Emily rubbed her eyes and temples alternately. “We really don’t know anything new at this point. Most of what we learned yesterday is supposition. Good supposition, mind you, but still not solid fact.”
Surgeon paced, mostly to stay awake and upright but at times, it also helped him think. “We know the commandos carry the empress’ emblem, which could be faked but we’ll assume it isn’t. The empress and/or the commandos’ handlers believe the mission has failed and will believe we know about the Nortes involvement. They will want to cover that up with the Coalition somehow. Either come up with a cover story or disavow it altogether. I think how they handle it will be a good insight in to what their game is.”

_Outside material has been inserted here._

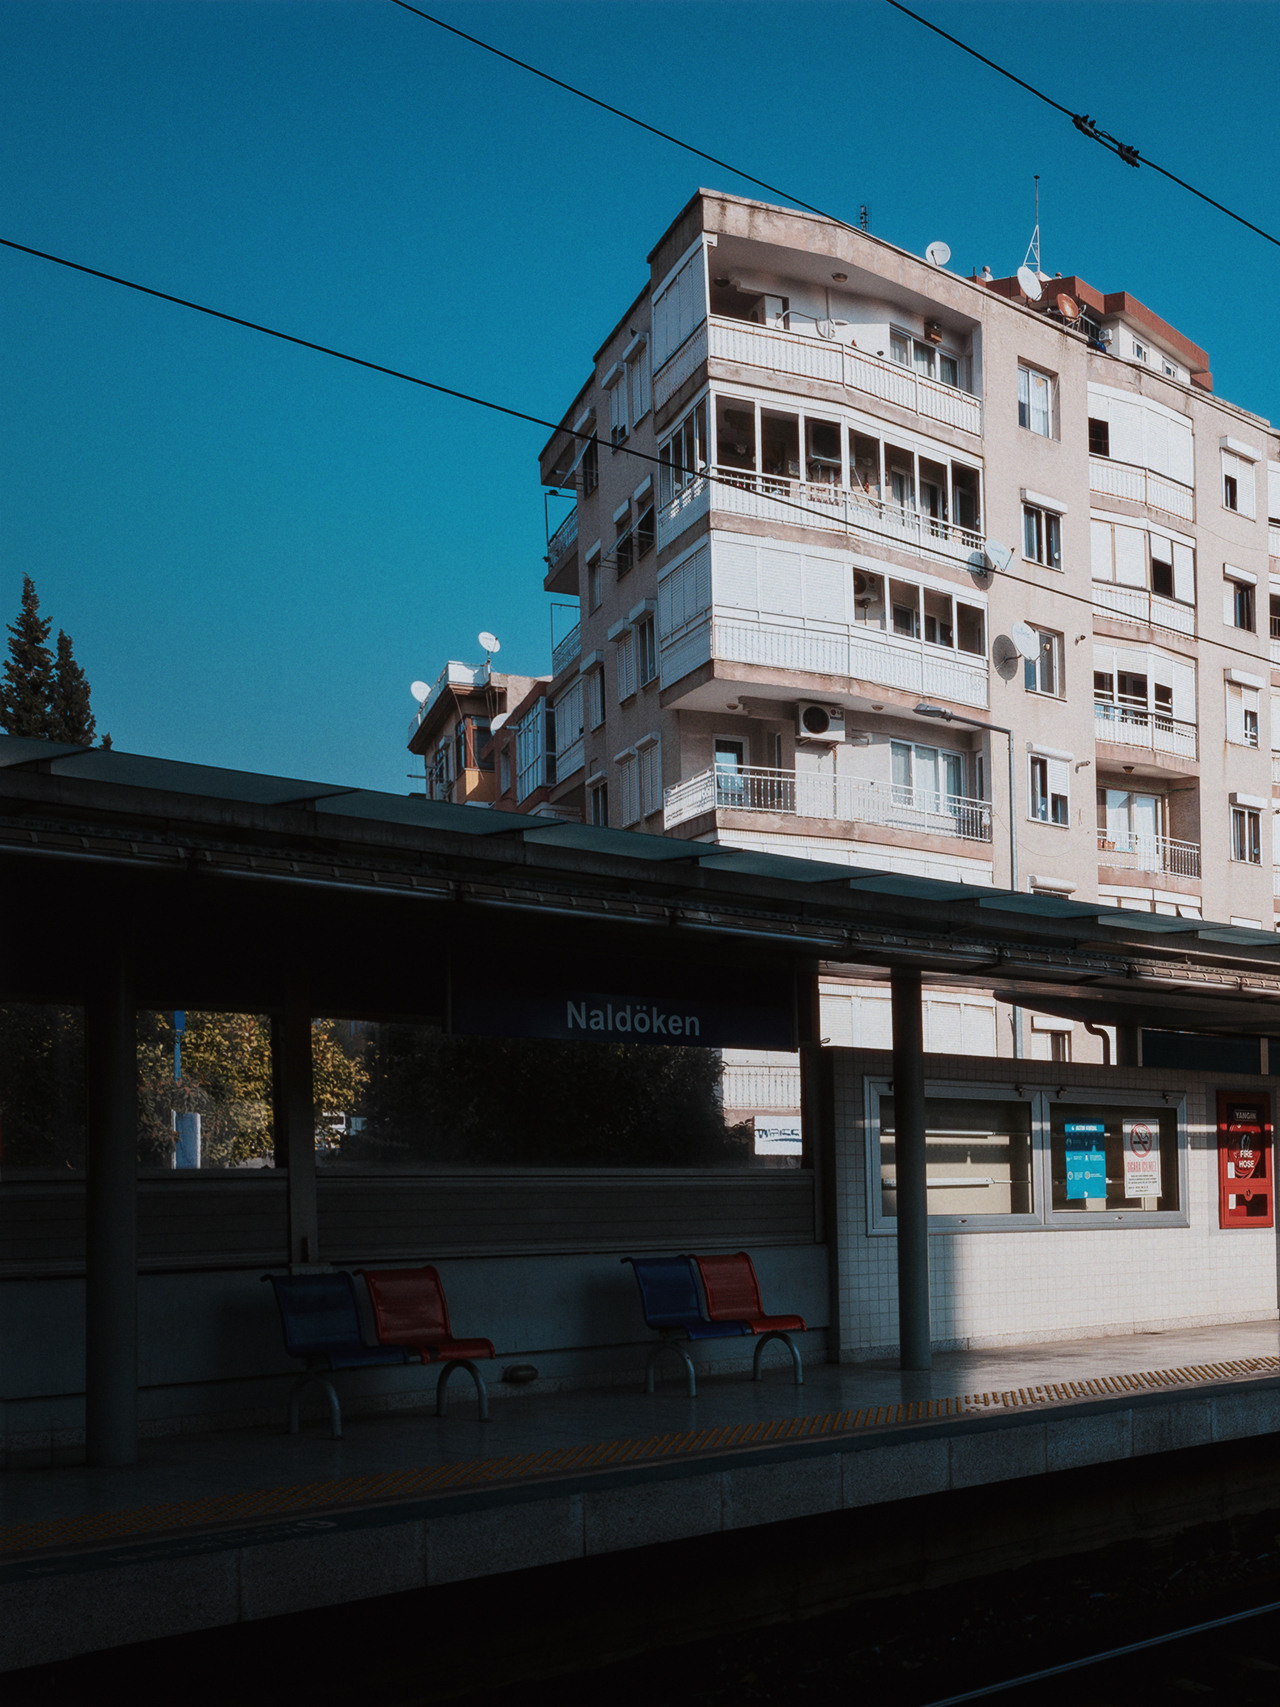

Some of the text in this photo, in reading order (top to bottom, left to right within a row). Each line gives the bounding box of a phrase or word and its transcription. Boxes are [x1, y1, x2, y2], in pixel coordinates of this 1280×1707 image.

“How about we cover it up for them?” Joker had everyone’s attention now. “We bring the president in on what we’ve found out so far. He contacts the Nortes government to tell them our team was wiped out by a warrior attack and he offers his condolences for the loss of Major Telfer.
“He also thanks the Nortes government for the soldiers who tried to come to our aid when we sent out a distress signal, but unfortunately, those Nortes soldiers were also killed. The local wildlife disposed of most of the bodies from all sides, but we’ll send back what we can find as soon as possible.”
Seth laughed. “You, my friend, are a genius. The empress will have her political escape and on top of that, will think our team is dead and unable to carry on with our mission. Captain?”